A predictable surge of companies seeking opportunities in the reformed personal injury market has begun, with a funder going into the claims generation business.
Specialist PI finance provider BMS Funding Ltd says its partnership with digital platform Claims Technology is the first of its kind ahead of the Civil Liability Act coming into force in April. From then, all RTA claims worth less than £5,000 are due to go through a new claims portal being designed to be accessed by litigants in person as well as represented claimants.
BMS says its product can help more firms, many of which rely on low-value cases, gain access to the new system and ultimately secure their future.

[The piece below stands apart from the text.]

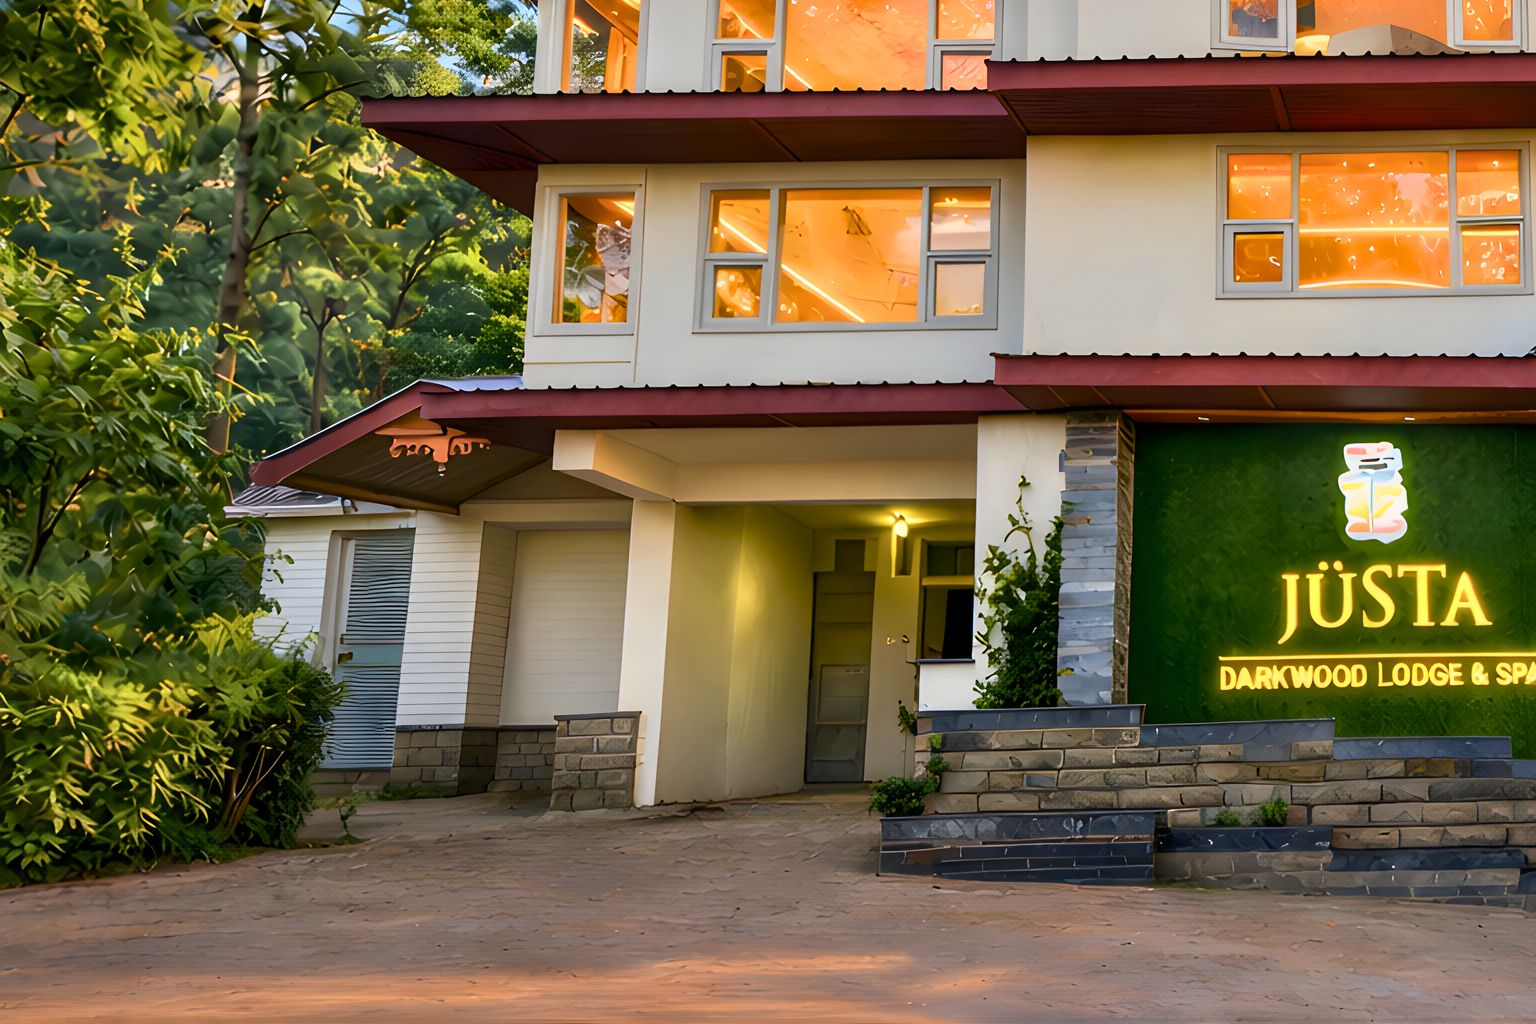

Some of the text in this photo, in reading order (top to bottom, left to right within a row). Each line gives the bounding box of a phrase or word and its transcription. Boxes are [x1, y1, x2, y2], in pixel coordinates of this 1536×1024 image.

The new platform takes direct instructions on a claim, carries out an ID check, prepares retainer documents and sends automatic chaser messages to the client. Medical appointments – mandatory now for claimants seeking compensation – are automatically scheduled through the MedCo system. Once the case had progressed, the system will prepare two-stage settlement packs so the claim can reach completion.
Tony Sullman, chief executive of BMS Funding, said the system is aimed at giving claimant firms a more positive approach to the impending changes and lower damages tariffs.
‘Without a system like this to incentivise and support solicitors, clients may share their case with another competitor or decide to take it on themselves without any professional support,’ he said. ‘All of this means firms are very likely to suffer. By saving expensive labour costs through processing RTA claims through this system, we’re essentially making it possible for solicitors to focus their time on securing more profitable work but still enjoy the revenue stream coming from these cases.’
BMS says it will pay firms £150 for every successful case processed through the system. The company will boost its profitability through partnerships with various medical agencies on its panel, and through assisting clients through vehicle repairs and/or the provision of a hire vehicle – neither of which is part of the portal.
The automated system links directly into a third party which uploads to the MoJ portal, so should be fully integrated by April.
The government is expected to give more details this week about how the new portal will work alongside MedCo, the organisation responsible for regulating and accrediting medical experts diagnosing whiplash cases. This follows a consultation earlier this year into who would pay for appointments, what they would cost and what skills would be required of the experts.